Zac’s parents always suspected he had a talent for music. He hummed when he was playing, eating, and falling asleep; he hummed in the car and in the bathroom. When Julie or Doug asked about the tune, Zac would cite the background music he had heard earlier in a restaurant or store or on a commercial—music Julie and Doug hadn’t even noticed. He had an excellent sense of pitch and a good singing voice. Lena and Josh warbled their way through the Russian songs Lena taught the boys; Zac was the only one to hit the notes. Julie often wrangled Zac into sitting next to Josh and singing into his ears to help him stay on key.
Despite his seemingly natural gift, Julie and Doug could never pin Zac down long enough for him to develop it. Music classes at school repulsed him. As he would later recall, nothing sounded right. The other kids’ singing was erratic; the piano was out of tune. When Julie began homeschooling the boys, she tried to integrate music into the curriculum, but Zac hated it. He fidgeted when sight-reading music or singing from hymnals. He couldn’t be bothered to learn about the history of music or classical composers.
Zac’s lack of interest frustrated Julie and Doug. Music, they felt, was a place Zac could excel—a route for him to develop a talent of his own. Julie and Doug took Zac to a music store before Christmas and tried to entice him into asking for an instrument. No dice. Someone gave him a toy piano, and his parents bought him a toy electric guitar. Neither took.

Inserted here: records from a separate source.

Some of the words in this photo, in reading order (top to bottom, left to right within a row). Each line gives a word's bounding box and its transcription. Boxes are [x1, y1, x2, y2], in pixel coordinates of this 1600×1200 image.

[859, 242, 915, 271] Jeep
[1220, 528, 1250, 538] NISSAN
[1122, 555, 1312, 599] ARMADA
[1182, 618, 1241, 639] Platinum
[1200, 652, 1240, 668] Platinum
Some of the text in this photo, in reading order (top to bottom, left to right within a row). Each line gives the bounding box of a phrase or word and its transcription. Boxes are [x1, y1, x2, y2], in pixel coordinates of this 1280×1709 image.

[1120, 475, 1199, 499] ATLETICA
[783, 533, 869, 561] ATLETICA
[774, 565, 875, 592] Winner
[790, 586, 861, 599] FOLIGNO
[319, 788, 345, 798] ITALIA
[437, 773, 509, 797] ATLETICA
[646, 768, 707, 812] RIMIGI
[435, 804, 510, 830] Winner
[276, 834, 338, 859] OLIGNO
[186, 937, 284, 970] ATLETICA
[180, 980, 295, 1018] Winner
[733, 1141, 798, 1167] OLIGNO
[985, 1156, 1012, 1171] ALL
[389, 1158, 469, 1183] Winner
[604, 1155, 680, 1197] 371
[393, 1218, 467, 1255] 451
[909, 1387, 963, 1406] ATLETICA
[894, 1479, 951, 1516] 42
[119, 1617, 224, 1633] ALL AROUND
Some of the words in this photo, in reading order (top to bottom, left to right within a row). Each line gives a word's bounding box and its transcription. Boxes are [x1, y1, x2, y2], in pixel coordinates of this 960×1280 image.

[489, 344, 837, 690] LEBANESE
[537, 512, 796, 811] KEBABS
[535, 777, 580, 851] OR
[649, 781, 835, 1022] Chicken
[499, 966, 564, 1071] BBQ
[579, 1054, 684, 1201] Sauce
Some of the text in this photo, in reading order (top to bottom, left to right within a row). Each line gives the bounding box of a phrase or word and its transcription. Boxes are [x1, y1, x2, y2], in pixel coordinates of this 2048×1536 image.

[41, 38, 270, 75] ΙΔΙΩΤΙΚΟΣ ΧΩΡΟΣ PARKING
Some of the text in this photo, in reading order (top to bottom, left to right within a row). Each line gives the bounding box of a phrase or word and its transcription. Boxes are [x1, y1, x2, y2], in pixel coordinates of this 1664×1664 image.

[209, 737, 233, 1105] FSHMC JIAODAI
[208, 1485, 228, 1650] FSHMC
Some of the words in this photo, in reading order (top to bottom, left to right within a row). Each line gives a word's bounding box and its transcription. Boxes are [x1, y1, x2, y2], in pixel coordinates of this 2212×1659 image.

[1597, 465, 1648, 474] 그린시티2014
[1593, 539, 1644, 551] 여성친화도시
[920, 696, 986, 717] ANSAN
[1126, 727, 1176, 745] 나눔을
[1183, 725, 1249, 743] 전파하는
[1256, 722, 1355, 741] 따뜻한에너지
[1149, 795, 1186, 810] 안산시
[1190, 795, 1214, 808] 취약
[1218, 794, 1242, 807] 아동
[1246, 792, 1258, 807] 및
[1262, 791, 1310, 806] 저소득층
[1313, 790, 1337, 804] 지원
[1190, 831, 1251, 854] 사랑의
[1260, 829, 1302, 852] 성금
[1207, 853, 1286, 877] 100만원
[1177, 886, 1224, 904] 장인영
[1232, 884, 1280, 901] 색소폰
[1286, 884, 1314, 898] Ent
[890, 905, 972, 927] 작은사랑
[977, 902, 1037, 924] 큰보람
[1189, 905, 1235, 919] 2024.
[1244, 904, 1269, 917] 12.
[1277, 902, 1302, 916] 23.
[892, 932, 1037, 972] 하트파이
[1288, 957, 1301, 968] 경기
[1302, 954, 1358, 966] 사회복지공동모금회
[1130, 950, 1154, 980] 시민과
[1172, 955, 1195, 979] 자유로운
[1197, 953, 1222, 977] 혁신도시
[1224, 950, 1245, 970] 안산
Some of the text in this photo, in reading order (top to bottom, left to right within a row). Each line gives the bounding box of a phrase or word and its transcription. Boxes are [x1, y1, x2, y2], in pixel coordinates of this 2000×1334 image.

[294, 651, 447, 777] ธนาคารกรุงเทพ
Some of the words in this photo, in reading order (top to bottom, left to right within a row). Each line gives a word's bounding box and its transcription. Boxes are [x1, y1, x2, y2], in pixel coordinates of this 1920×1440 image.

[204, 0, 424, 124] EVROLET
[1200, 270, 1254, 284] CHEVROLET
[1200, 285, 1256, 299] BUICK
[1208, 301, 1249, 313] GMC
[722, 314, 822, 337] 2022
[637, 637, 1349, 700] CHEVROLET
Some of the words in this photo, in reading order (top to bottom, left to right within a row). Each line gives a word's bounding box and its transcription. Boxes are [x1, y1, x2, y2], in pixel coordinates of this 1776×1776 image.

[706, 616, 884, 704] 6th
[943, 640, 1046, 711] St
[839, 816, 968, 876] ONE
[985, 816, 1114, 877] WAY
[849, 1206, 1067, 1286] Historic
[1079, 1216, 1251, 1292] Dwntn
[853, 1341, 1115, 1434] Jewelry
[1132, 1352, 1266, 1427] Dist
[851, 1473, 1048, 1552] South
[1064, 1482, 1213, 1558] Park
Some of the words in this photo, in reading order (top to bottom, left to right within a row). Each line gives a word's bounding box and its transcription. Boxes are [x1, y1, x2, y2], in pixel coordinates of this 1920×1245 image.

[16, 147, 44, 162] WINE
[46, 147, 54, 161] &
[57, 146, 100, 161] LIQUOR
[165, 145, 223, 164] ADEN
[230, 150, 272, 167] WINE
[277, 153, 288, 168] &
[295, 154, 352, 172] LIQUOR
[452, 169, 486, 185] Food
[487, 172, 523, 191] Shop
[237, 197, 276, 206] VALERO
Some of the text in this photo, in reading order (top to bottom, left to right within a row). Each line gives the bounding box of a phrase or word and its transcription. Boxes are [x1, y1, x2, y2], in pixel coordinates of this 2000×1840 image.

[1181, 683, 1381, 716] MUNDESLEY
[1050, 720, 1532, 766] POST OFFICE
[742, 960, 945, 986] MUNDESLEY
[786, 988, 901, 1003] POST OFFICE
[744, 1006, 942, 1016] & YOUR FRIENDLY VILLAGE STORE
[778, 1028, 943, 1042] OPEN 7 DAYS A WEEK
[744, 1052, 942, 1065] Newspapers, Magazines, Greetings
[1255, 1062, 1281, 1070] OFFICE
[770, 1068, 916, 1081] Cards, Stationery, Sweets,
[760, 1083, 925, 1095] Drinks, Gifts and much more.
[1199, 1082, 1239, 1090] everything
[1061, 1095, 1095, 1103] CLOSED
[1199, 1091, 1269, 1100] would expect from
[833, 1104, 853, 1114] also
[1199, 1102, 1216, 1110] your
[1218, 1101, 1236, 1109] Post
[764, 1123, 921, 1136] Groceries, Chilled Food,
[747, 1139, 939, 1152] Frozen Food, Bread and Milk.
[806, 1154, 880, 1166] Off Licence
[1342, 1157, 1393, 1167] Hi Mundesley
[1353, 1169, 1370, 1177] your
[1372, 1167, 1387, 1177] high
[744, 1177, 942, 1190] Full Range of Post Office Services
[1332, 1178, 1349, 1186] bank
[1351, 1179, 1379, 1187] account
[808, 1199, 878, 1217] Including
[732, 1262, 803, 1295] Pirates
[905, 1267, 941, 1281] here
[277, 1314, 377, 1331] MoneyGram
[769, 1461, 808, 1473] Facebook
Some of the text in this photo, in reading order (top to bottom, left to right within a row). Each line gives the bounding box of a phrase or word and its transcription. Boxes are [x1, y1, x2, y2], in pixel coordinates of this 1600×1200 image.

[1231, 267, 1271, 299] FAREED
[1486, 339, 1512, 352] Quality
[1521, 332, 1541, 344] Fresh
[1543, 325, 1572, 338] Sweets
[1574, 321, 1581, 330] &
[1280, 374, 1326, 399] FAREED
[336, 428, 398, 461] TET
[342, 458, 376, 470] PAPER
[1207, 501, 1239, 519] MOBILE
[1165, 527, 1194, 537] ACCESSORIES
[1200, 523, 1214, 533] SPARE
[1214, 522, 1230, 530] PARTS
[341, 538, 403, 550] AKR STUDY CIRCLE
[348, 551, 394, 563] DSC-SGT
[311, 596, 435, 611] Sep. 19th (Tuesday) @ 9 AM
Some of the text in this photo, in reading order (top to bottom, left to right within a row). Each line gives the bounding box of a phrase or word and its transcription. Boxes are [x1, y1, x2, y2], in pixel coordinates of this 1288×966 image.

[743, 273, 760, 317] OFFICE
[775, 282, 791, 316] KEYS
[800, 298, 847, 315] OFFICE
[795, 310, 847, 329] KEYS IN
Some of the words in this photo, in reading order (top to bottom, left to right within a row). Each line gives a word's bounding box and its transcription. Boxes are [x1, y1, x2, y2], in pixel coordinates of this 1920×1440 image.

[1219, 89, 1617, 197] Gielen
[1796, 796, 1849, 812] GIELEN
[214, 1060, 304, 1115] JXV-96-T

Zac flitted from activity to activity. If any project or pursuit lasted long, he lost interest. One year, Josh and Zac set out to build a large fort in a ravine, but Zac abandoned the project. Doug occasionally built model cars with Zac, who would help out at first but then leave Doug to finish the models alone. Zac and Josh joined a Bible quiz group, and Josh diligently memorized verses while Zac struggled to put in five to ten minutes a day. When Josh began devoting hundreds of hours to more complex pieces of art as a teenager, Zac watched TV and played video games. His parents suspected he had at least a borderline case of ADHD.
If there was fun to be had, though, Zac was in the thick of it. He was at the heart of every group; he emerged from every activity with a new best friend. He passed long afternoons gaming or playing Ping-Pong with friends, and he issued a constant stream of invitations to the Tiessen home, always looking for someone to hang out with.
Until the day Zac slammed his head against a church floor. After that, he was different.
It happened when Zac was thirteen.
Zac’s church youth group meeting ended, and most of the kids headed out to the foyer to wait for their rides. Zac and some of the others tracked down a few empty appliance boxes they had used as part of a game during the meeting. He and his buddies flattened one out. They took turns lifting it and jumping over it, raising the makeshift hurdle a bit higher each time.
On Zac’s turn, he dove headfirst over the box. He cracked his head against the thinly carpeted concrete floor. For a minute, maybe a minute and a half, Zac blacked out.
When he regained consciousness, the youth group leaders helped him to the side of the room and leaned him against the wall. Someone brought him a glass of water and placed it next to him on the floor. Zac, still dazed, reached for it. He knocked it over. Someone ran outside to get Doug, who was waiting in the parking lot.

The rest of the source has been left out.